Lame Blog Day

I know that “lame blog” is an oxymoron, since blogs are the definition of cool, but I feel like I haven’t worked very hard at being entertaining today. I apologize to all the minions of people who have left me comments (you know who you are, blood relatives), and who are downloading my blog to their cell phones via RSS feed. Today I was busy shopping for fishing poles, teaching a two-year-old about abstract art, and eating Japanese meat that is boiled in the same plastic bag you buy it in. I also butchered Jason & Jessie’s marzipan wedding cake prototype that costs like $10 a slice. My cake knife hand has a life of its own sometimes – a serial killer’s life. My cake knife hand should be locked up with Charles Manson.

Stephen King on Harry Potter

Stephen King made a great career choice when he started writing a column for Entertainment Weekly. I find him so likable and savvy in his pieces (when I remember to read them). I especially liked this column – The Last Word on Harry Potter. Among other things, King talks about how Rowling’s talent as a writer has evolved in tandem with the fictional growth of her characters. And it’s true – the writing in The Deathly Hallows is worlds better than in The Sorcerer’s Stone.

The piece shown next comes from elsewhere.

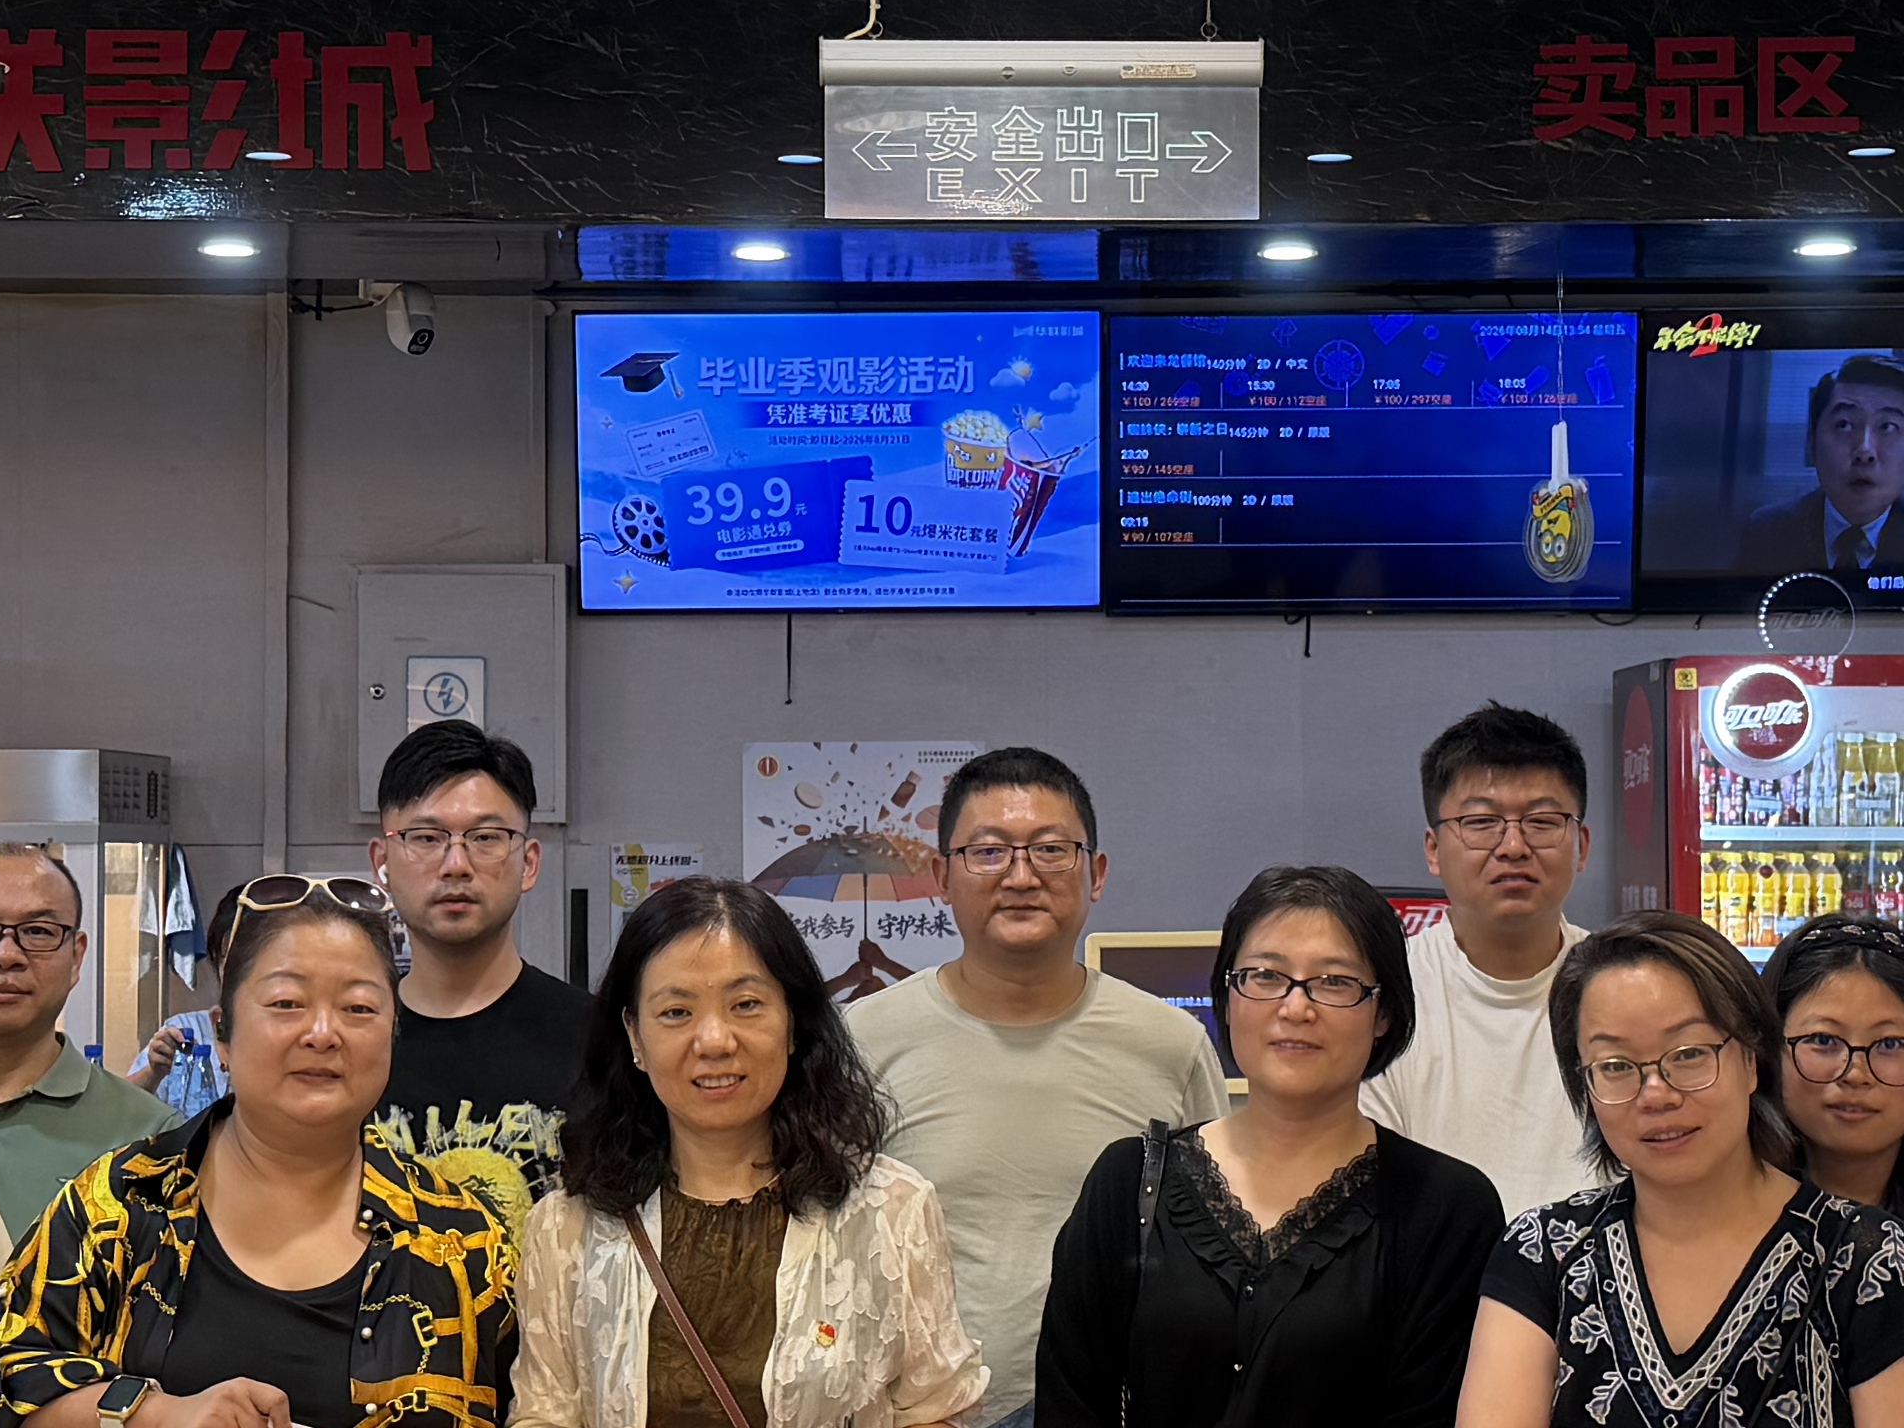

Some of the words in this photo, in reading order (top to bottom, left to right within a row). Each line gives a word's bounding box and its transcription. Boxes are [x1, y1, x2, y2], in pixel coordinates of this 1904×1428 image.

I disagree that Rowling is now on par with Martin Amis – he’s amazing in a totally different way – but yeah, it will be interesting to see what she does next with her newfound talent and public following. I’d like to see her abandon Harry and try something more literary and experimental. Or maybe not. Does the world need another MFA-program-type writer? Lastly, this is a funny Onion article – Final Harry Potter Book Blasted for Containing Spoilers. NO MORE BLOGS ABOUT HARRY POTTER.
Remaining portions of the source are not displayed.